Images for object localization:

═══

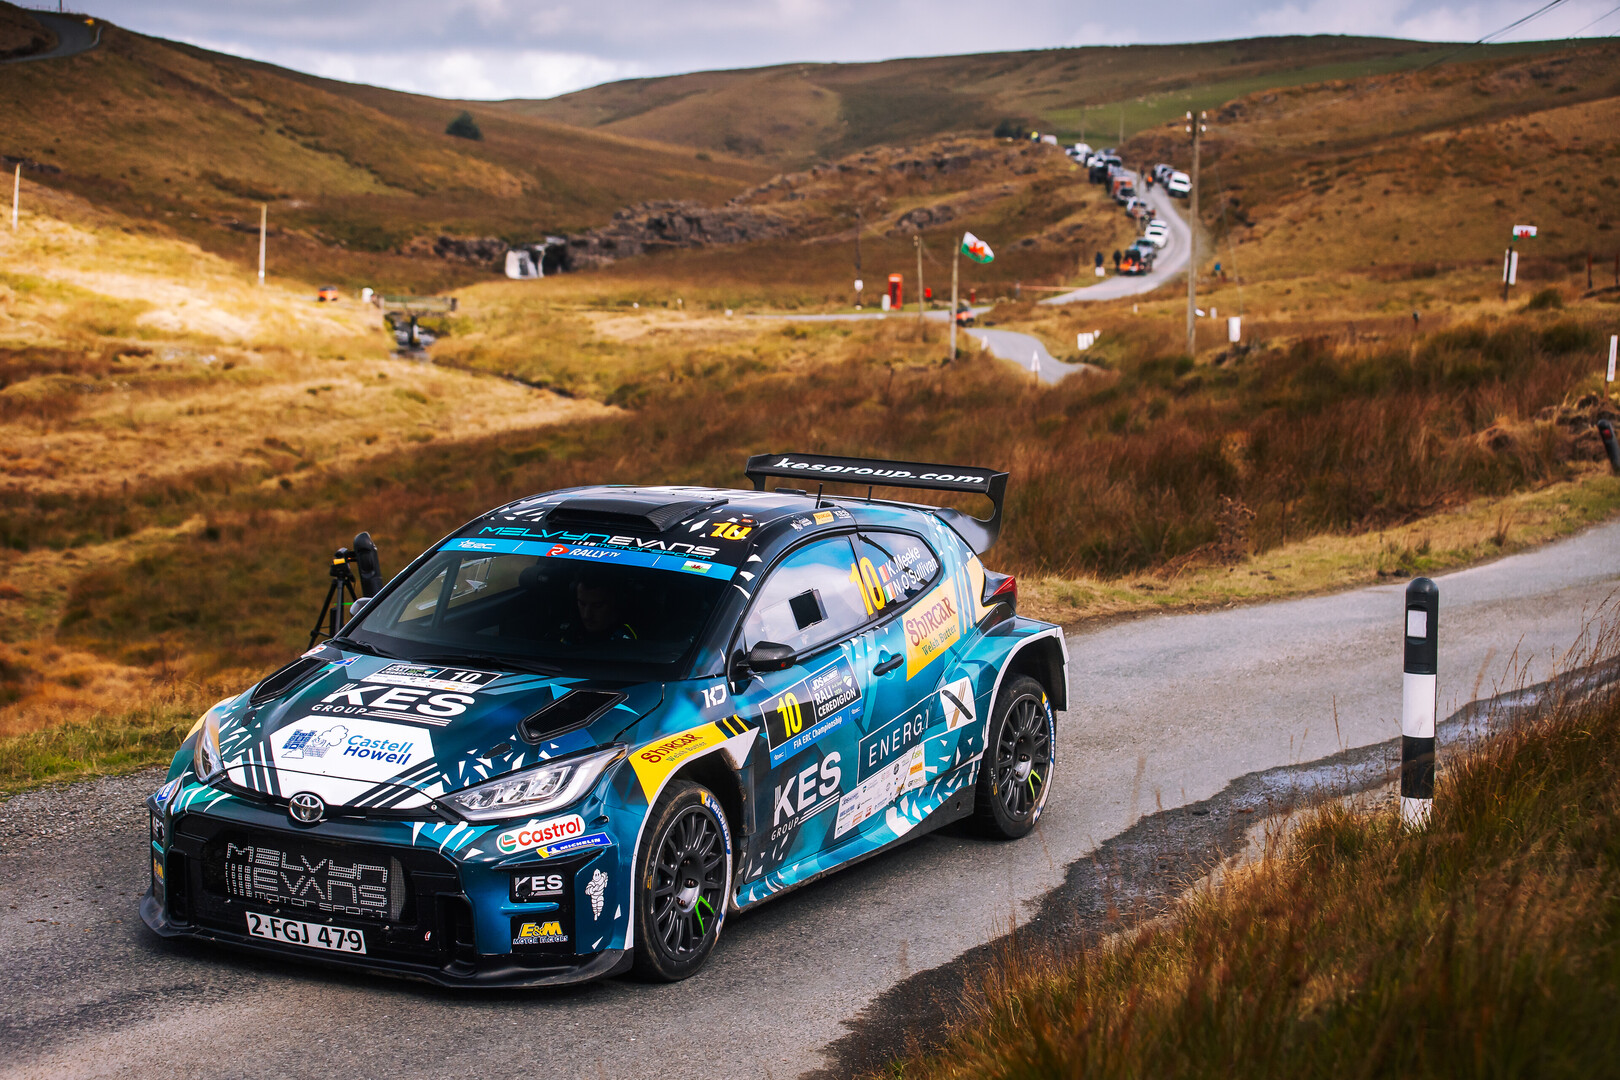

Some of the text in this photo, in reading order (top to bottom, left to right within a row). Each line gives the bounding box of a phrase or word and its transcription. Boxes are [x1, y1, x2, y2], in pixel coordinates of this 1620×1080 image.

[773, 457, 985, 485] kesgroup.com
[710, 521, 753, 541] 10
[595, 542, 712, 560] MOTORSPORT
[848, 556, 886, 616] 10
[922, 625, 957, 656] Welsh Butter
[450, 671, 483, 683] 10
[311, 703, 368, 715] GROUP
[320, 683, 476, 717] KES
[814, 685, 834, 706] RALI
[817, 687, 857, 717] CEREDIGION
[776, 692, 803, 738] 10
[347, 734, 414, 754] Castell
[793, 716, 843, 750] FIA ERC Championship
[343, 745, 412, 766] Howell
[666, 750, 688, 762] Welsh
[773, 751, 842, 827] KES
[518, 817, 581, 846] Castrol
[710, 800, 732, 852] MICHELIN
[770, 816, 800, 841] GROUP
[559, 838, 601, 851] MICHELIN
[226, 842, 389, 884] MELVYN
[253, 866, 388, 908] EVANS
[514, 874, 564, 892] KES
[254, 890, 388, 919] MOTORSPORT
[317, 926, 363, 952] 479
[519, 921, 563, 938] E&M
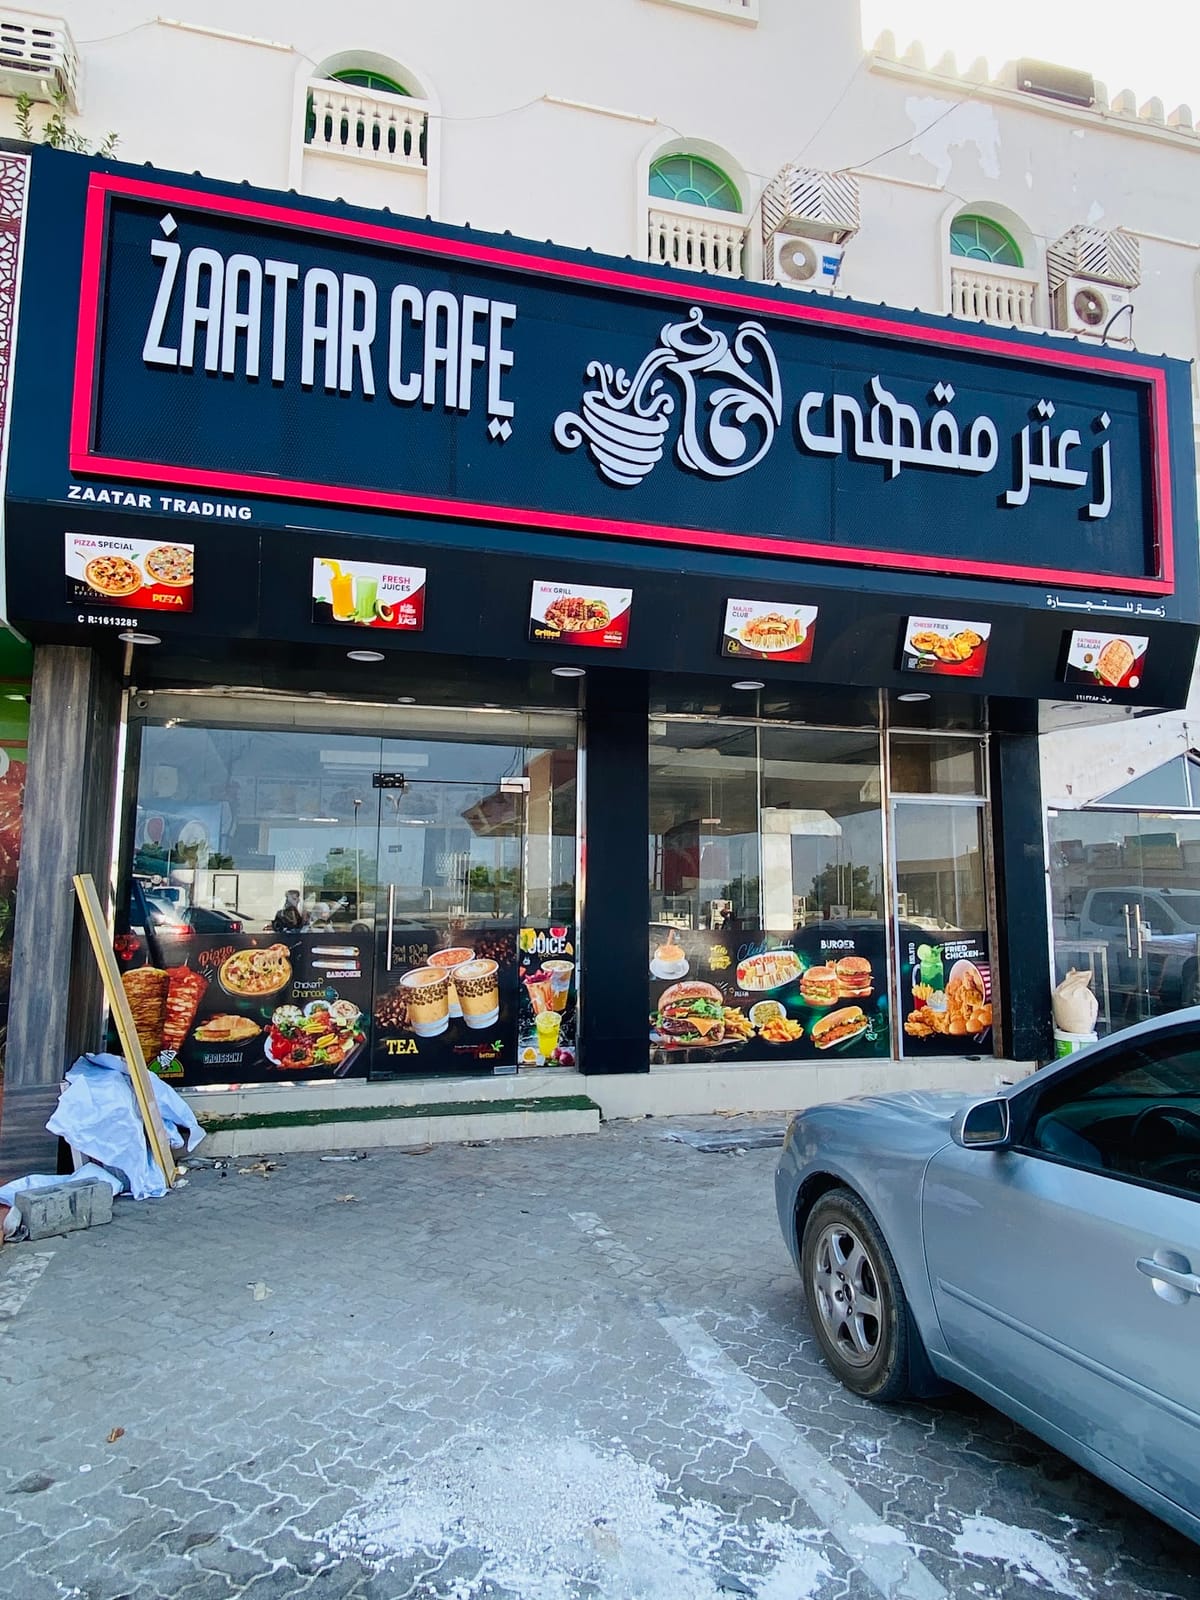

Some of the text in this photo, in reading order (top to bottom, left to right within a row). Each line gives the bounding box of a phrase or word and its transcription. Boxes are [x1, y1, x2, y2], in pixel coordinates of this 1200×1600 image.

═══

What you need to do:
Could the lines above be copied out exactly, with no image carried over?

Task response:
Some of the text in this photo, in reading order (top to bottom, left to right within a row). Each line gives the bounding box of a phrase or word and its transcription. Boxes are [x1, y1, x2, y2], in pixel coordinates of this 1620×1080 image.

[773, 457, 985, 485] kesgroup.com
[710, 521, 753, 541] 10
[595, 542, 712, 560] MOTORSPORT
[848, 556, 886, 616] 10
[922, 625, 957, 656] Welsh Butter
[450, 671, 483, 683] 10
[311, 703, 368, 715] GROUP
[320, 683, 476, 717] KES
[814, 685, 834, 706] RALI
[817, 687, 857, 717] CEREDIGION
[776, 692, 803, 738] 10
[347, 734, 414, 754] Castell
[793, 716, 843, 750] FIA ERC Championship
[343, 745, 412, 766] Howell
[666, 750, 688, 762] Welsh
[773, 751, 842, 827] KES
[518, 817, 581, 846] Castrol
[710, 800, 732, 852] MICHELIN
[770, 816, 800, 841] GROUP
[559, 838, 601, 851] MICHELIN
[226, 842, 389, 884] MELVYN
[253, 866, 388, 908] EVANS
[514, 874, 564, 892] KES
[254, 890, 388, 919] MOTORSPORT
[317, 926, 363, 952] 479
[519, 921, 563, 938] E&M

Some of the text in this photo, in reading order (top to bottom, left to right within a row). Each line gives the bounding box of a phrase or word and its transcription. Boxes are [x1, y1, x2, y2], in pixel coordinates of this 1200×1600 image.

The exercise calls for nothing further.